*** RECORD SET Section Begins ***

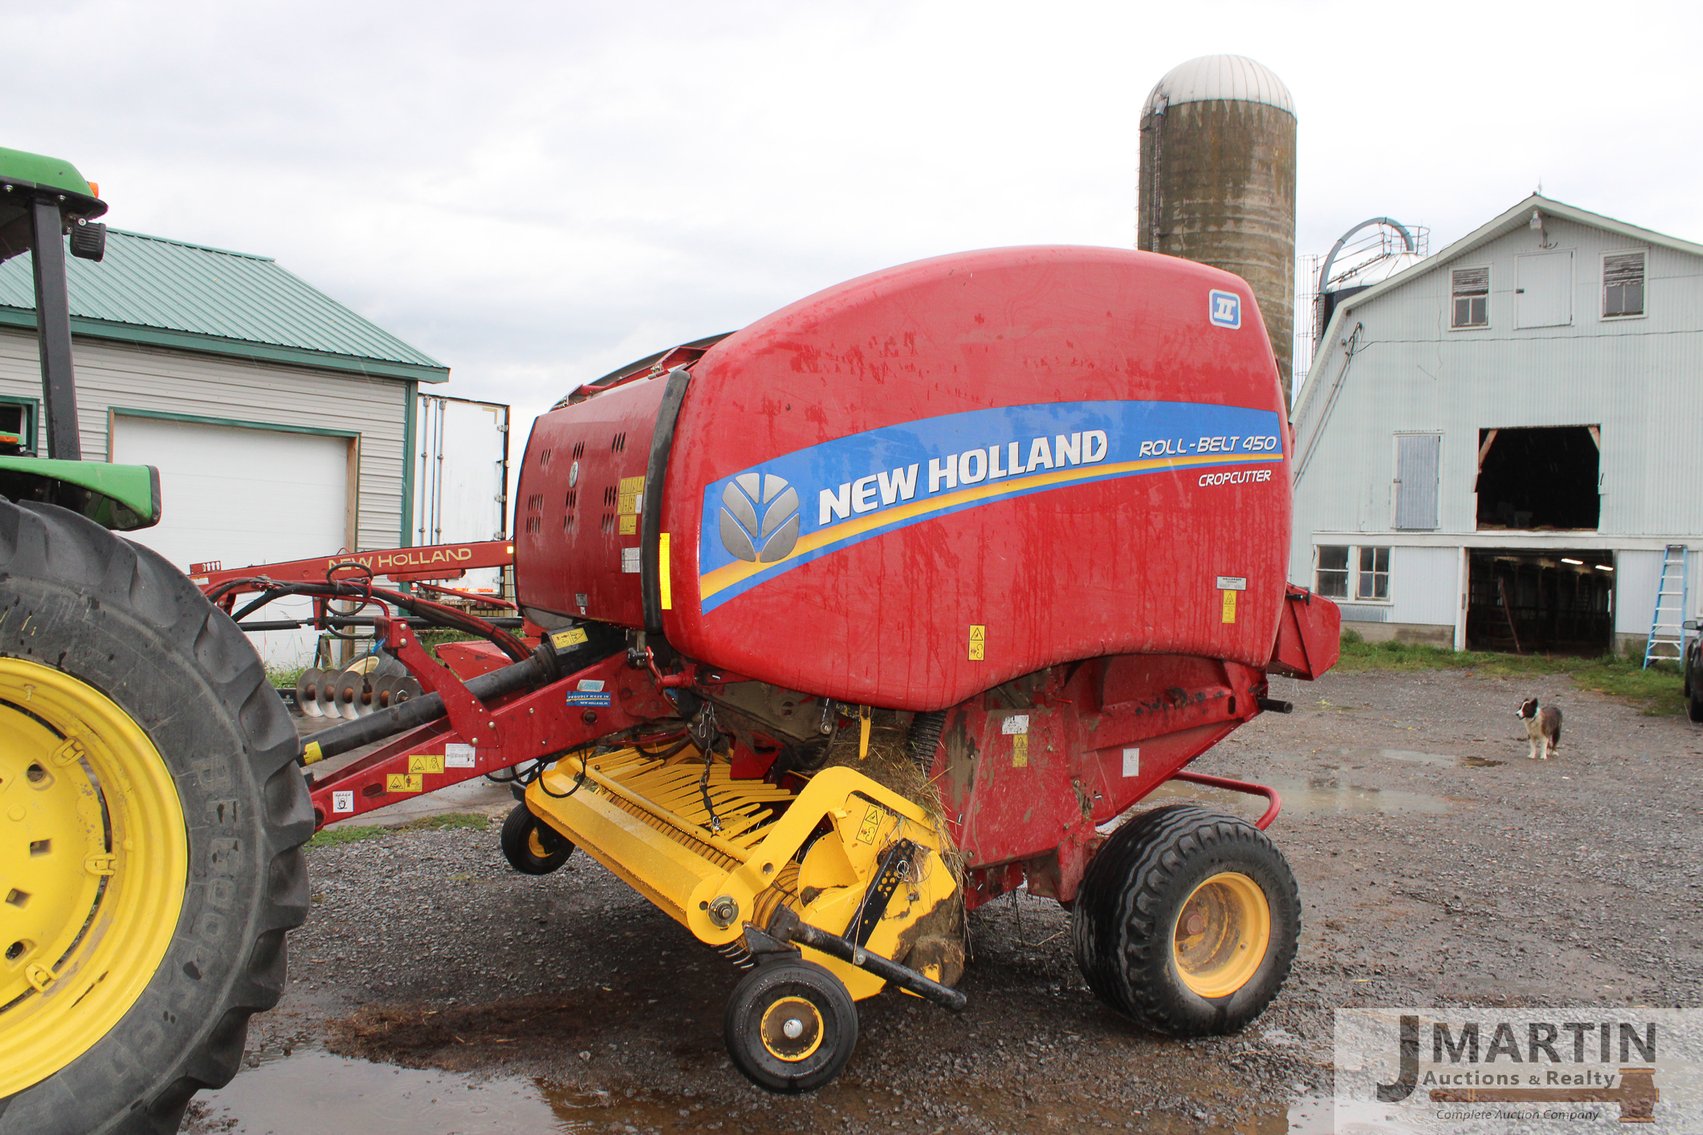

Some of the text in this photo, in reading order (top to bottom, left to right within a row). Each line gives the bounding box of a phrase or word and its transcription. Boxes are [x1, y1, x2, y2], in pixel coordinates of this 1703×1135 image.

[1242, 435, 1278, 452] 450
[818, 430, 1109, 526] NEW HOLLAND
[1197, 469, 1272, 487] CROPCUTTER
[328, 547, 472, 571] NEW HOLLAND
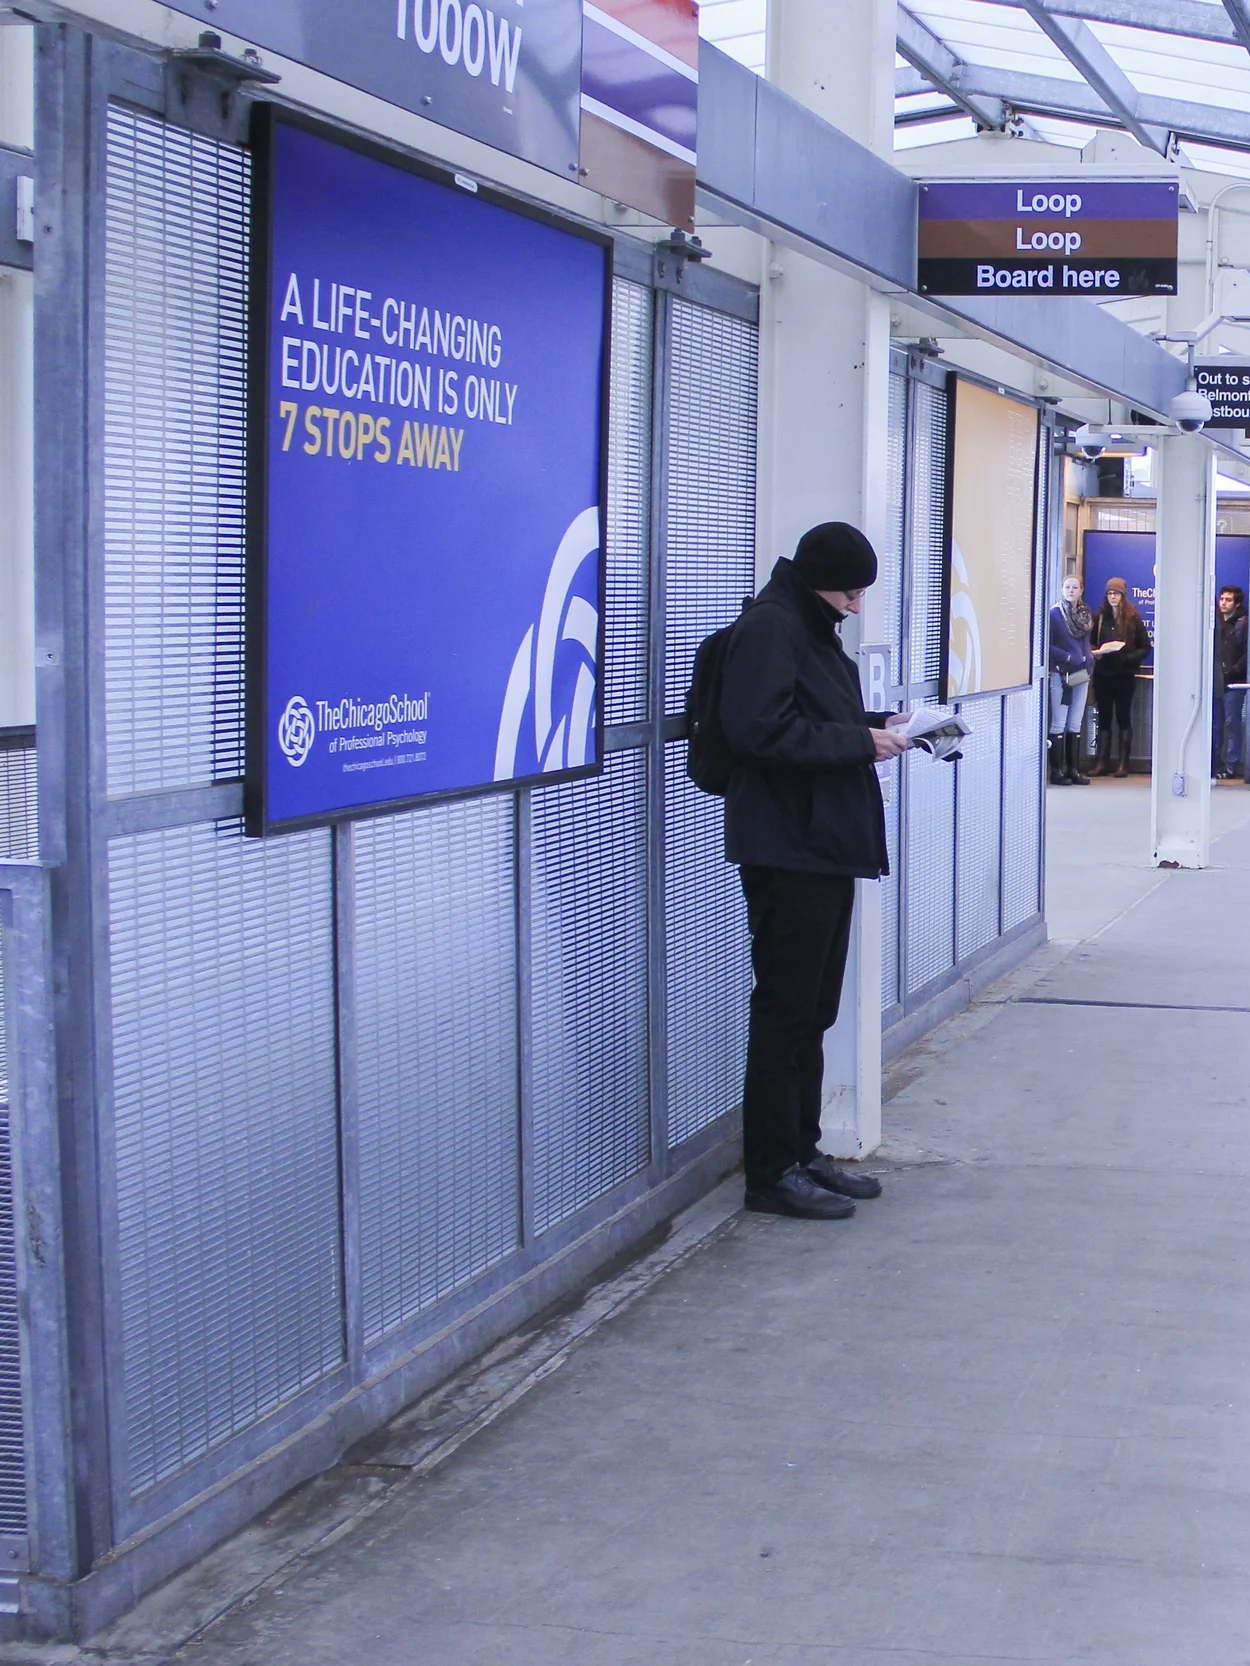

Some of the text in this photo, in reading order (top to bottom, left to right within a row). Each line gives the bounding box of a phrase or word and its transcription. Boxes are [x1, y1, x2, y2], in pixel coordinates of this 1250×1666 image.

[1017, 190, 1082, 217] Loop
[1016, 228, 1081, 255] Loop
[977, 265, 1120, 288] Board here
[281, 273, 502, 369] A LIFE-CHANGING
[281, 336, 518, 426] EDUCATION IS ONLY
[1198, 372, 1222, 385] Out
[1225, 373, 1239, 385] to
[280, 401, 464, 471] 7 STOPS AWAY
[316, 692, 428, 732] TheChicagoSchool
[329, 729, 427, 753] of Professional Psychology

*** RECORD SET Section Ends ***

**GOAL OF THE EXERCISE**
Print out the whole of the material word for word, without pictures.

**ANSWER SECTION**
Some of the text in this photo, in reading order (top to bottom, left to right within a row). Each line gives the bounding box of a phrase or word and its transcription. Boxes are [x1, y1, x2, y2], in pixel coordinates of this 1703×1135 image.

[1242, 435, 1278, 452] 450
[818, 430, 1109, 526] NEW HOLLAND
[1197, 469, 1272, 487] CROPCUTTER
[328, 547, 472, 571] NEW HOLLAND

Some of the text in this photo, in reading order (top to bottom, left to right within a row). Each line gives the bounding box of a phrase or word and its transcription. Boxes are [x1, y1, x2, y2], in pixel coordinates of this 1250×1666 image.

[1017, 190, 1082, 217] Loop
[1016, 228, 1081, 255] Loop
[977, 265, 1120, 288] Board here
[281, 273, 502, 369] A LIFE-CHANGING
[281, 336, 518, 426] EDUCATION IS ONLY
[1198, 372, 1222, 385] Out
[1225, 373, 1239, 385] to
[280, 401, 464, 471] 7 STOPS AWAY
[316, 692, 428, 732] TheChicagoSchool
[329, 729, 427, 753] of Professional Psychology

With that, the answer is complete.